-- WHAT IS EXPECTED --
Only the words of the entries are wanted, repeated exactly and without images.
[THE RECORDS Boundary: Start]
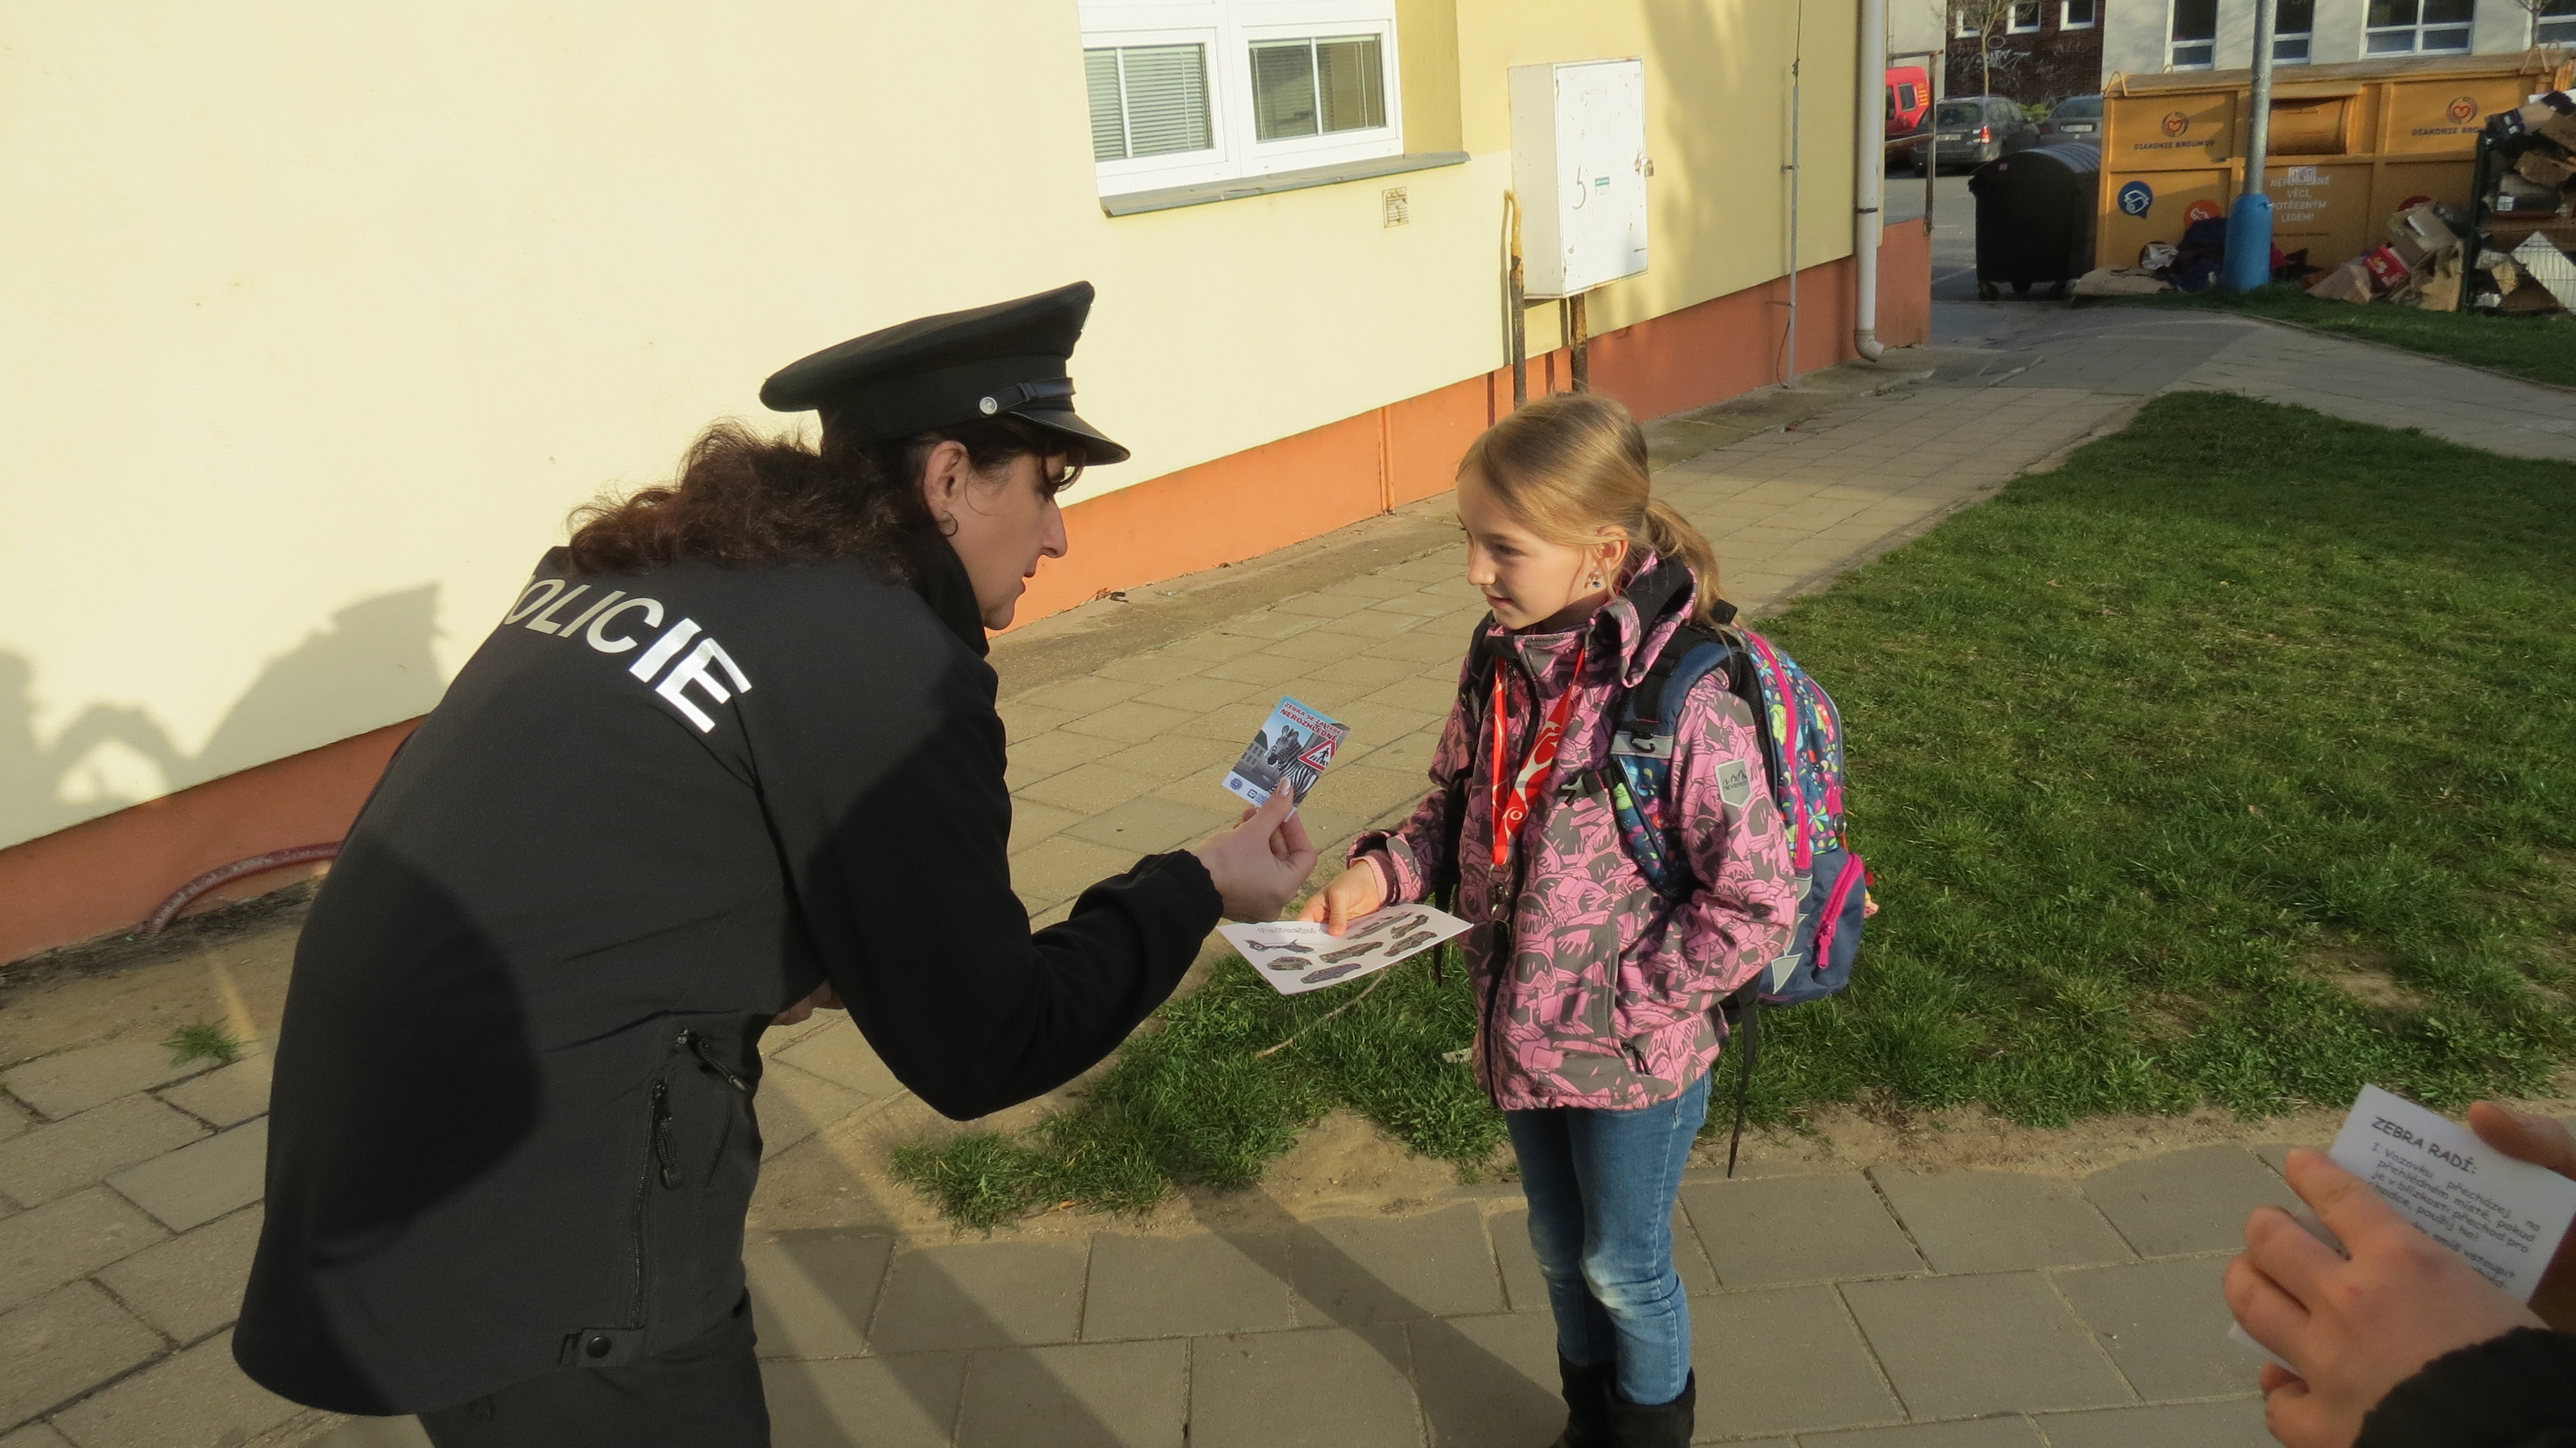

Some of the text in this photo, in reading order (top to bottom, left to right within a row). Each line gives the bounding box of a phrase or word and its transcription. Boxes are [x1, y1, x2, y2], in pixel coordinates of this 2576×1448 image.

[2134, 142, 2174, 151] DIAKONIE
[2412, 128, 2457, 136] DIAKONIE
[504, 576, 752, 734] OLICIE
[1285, 702, 1305, 717] ZEBRA
[1327, 725, 1342, 734] TEBE
[2371, 1116, 2477, 1174] ZEBRA RADÍ:
[2385, 1148, 2434, 1179] Vozovku
[2447, 1181, 2512, 1219] přecházej
[2526, 1220, 2541, 1233] na
[2371, 1170, 2385, 1181] je
[2397, 1181, 2451, 1212] blízkosti
[2453, 1211, 2506, 1241] přechod
[2506, 1238, 2529, 1253] pro
[2418, 1206, 2454, 1231] použij
[2497, 1220, 2536, 1242] pokud
[2463, 1249, 2515, 1279] vstoupit
[THE RECORDS Boundary: End]
-- WRITTEN RESPONSE --
Some of the text in this photo, in reading order (top to bottom, left to right within a row). Each line gives the bounding box of a phrase or word and its transcription. Boxes are [x1, y1, x2, y2], in pixel coordinates of this 2576×1448 image.

[2134, 142, 2174, 151] DIAKONIE
[2412, 128, 2457, 136] DIAKONIE
[504, 576, 752, 734] OLICIE
[1285, 702, 1305, 717] ZEBRA
[1327, 725, 1342, 734] TEBE
[2371, 1116, 2477, 1174] ZEBRA RADÍ:
[2385, 1148, 2434, 1179] Vozovku
[2447, 1181, 2512, 1219] přecházej
[2526, 1220, 2541, 1233] na
[2371, 1170, 2385, 1181] je
[2397, 1181, 2451, 1212] blízkosti
[2453, 1211, 2506, 1241] přechod
[2506, 1238, 2529, 1253] pro
[2418, 1206, 2454, 1231] použij
[2497, 1220, 2536, 1242] pokud
[2463, 1249, 2515, 1279] vstoupit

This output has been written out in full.